▶ **Exercise prompt**:
Your answer must consist of the lines running from the one that holds "this 1200×1600 image." to the end of the data, copied exactly.

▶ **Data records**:
· · ·

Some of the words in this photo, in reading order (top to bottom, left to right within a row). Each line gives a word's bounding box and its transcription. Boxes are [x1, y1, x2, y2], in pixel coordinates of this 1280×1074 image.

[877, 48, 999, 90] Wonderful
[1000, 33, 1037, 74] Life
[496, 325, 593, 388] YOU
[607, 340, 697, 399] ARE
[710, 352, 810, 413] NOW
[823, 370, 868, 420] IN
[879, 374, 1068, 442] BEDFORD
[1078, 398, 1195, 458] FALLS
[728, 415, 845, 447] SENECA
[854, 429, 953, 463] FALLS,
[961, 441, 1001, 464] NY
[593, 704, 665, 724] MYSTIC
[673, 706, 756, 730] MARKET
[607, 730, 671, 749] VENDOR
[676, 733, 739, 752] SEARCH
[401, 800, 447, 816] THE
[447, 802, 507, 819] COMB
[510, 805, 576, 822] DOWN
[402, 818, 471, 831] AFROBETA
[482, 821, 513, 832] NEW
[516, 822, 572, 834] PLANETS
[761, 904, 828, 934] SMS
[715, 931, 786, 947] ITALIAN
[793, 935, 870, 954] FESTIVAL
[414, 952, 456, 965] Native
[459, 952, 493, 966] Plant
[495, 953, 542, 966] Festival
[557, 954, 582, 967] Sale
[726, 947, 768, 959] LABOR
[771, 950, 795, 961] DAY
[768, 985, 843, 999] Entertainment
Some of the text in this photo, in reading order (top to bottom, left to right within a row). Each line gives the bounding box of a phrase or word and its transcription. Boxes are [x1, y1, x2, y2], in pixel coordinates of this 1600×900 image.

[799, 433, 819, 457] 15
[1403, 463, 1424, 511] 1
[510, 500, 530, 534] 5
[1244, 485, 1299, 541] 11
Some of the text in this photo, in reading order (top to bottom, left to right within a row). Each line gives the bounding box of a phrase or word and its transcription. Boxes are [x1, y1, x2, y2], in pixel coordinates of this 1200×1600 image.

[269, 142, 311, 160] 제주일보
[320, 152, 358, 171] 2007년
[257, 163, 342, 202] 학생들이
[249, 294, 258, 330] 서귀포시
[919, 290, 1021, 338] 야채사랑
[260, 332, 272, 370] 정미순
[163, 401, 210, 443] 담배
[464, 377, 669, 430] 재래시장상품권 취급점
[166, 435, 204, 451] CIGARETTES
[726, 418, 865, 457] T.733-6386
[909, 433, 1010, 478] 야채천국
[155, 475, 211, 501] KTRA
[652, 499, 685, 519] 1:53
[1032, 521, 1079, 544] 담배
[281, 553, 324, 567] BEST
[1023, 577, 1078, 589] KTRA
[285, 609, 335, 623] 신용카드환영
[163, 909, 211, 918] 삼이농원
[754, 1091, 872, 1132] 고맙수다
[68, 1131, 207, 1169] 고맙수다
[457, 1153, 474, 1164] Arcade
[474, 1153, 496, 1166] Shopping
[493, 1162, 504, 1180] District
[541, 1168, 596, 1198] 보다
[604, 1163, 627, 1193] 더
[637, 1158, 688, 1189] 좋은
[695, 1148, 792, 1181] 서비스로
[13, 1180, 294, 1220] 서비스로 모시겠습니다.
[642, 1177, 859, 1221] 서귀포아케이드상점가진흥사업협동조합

· · ·

▶ **Answer space**:
Some of the text in this photo, in reading order (top to bottom, left to right within a row). Each line gives the bounding box of a phrase or word and its transcription. Boxes are [x1, y1, x2, y2], in pixel coordinates of this 1200×1600 image.

[269, 142, 311, 160] 제주일보
[320, 152, 358, 171] 2007년
[257, 163, 342, 202] 학생들이
[249, 294, 258, 330] 서귀포시
[919, 290, 1021, 338] 야채사랑
[260, 332, 272, 370] 정미순
[163, 401, 210, 443] 담배
[464, 377, 669, 430] 재래시장상품권 취급점
[166, 435, 204, 451] CIGARETTES
[726, 418, 865, 457] T.733-6386
[909, 433, 1010, 478] 야채천국
[155, 475, 211, 501] KTRA
[652, 499, 685, 519] 1:53
[1032, 521, 1079, 544] 담배
[281, 553, 324, 567] BEST
[1023, 577, 1078, 589] KTRA
[285, 609, 335, 623] 신용카드환영
[163, 909, 211, 918] 삼이농원
[754, 1091, 872, 1132] 고맙수다
[68, 1131, 207, 1169] 고맙수다
[457, 1153, 474, 1164] Arcade
[474, 1153, 496, 1166] Shopping
[493, 1162, 504, 1180] District
[541, 1168, 596, 1198] 보다
[604, 1163, 627, 1193] 더
[637, 1158, 688, 1189] 좋은
[695, 1148, 792, 1181] 서비스로
[13, 1180, 294, 1220] 서비스로 모시겠습니다.
[642, 1177, 859, 1221] 서귀포아케이드상점가진흥사업협동조합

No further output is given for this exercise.